Exercise brief »
Restate the data exactly as given and keep the pictures out.

○ ○ ○ ○ ○

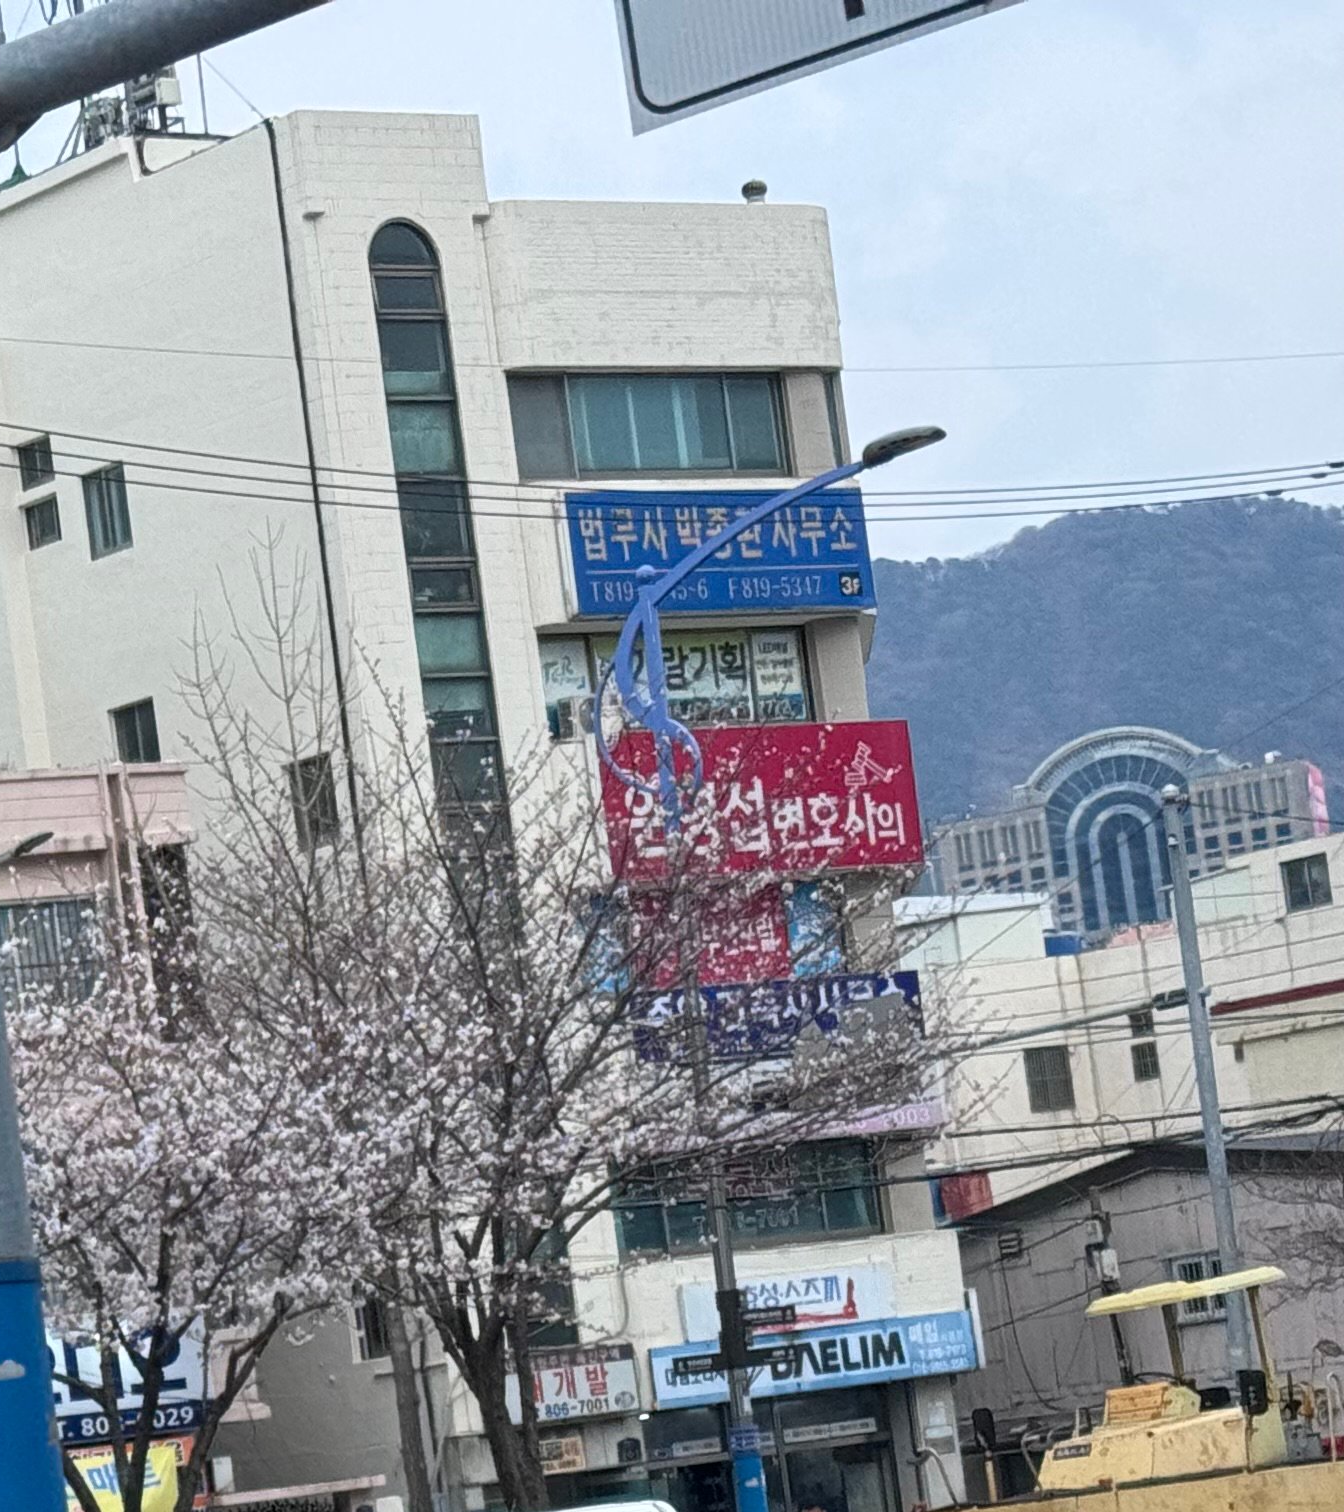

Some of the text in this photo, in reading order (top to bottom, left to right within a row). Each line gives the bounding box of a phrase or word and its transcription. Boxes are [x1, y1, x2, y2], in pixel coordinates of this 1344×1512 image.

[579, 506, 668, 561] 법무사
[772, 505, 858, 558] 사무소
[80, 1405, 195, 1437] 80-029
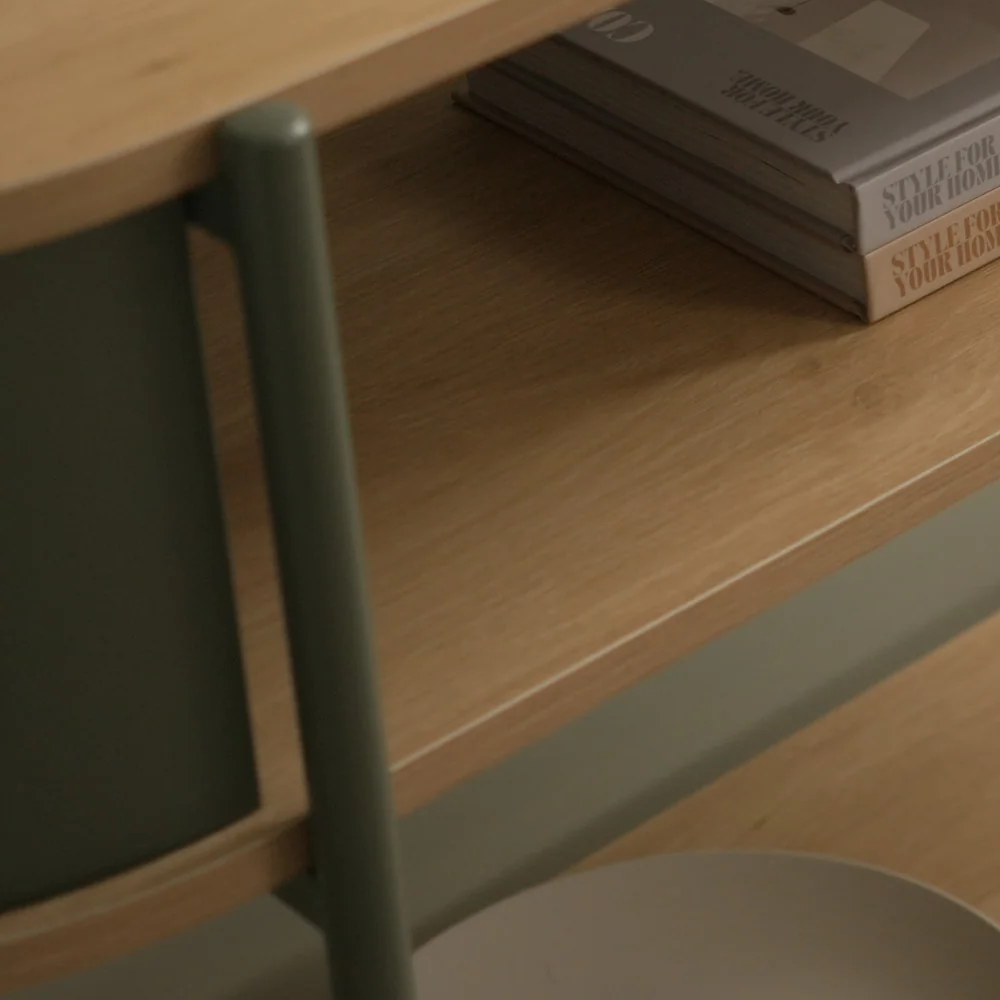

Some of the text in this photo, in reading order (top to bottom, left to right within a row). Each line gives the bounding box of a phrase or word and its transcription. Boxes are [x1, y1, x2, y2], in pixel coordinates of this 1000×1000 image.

○ ○ ○ ○ ○

Task result »
Some of the text in this photo, in reading order (top to bottom, left to right within a row). Each line gives the bounding box of a phrase or word and its transcription. Boxes are [x1, y1, x2, y2], in pixel coordinates of this 1344×1512 image.

[579, 506, 668, 561] 법무사
[772, 505, 858, 558] 사무소
[80, 1405, 195, 1437] 80-029

Some of the text in this photo, in reading order (top to bottom, left to right within a row). Each line gives the bounding box of a phrase or word and its transcription. Boxes are [x1, y1, x2, y2], in pixel coordinates of this 1000×1000 image.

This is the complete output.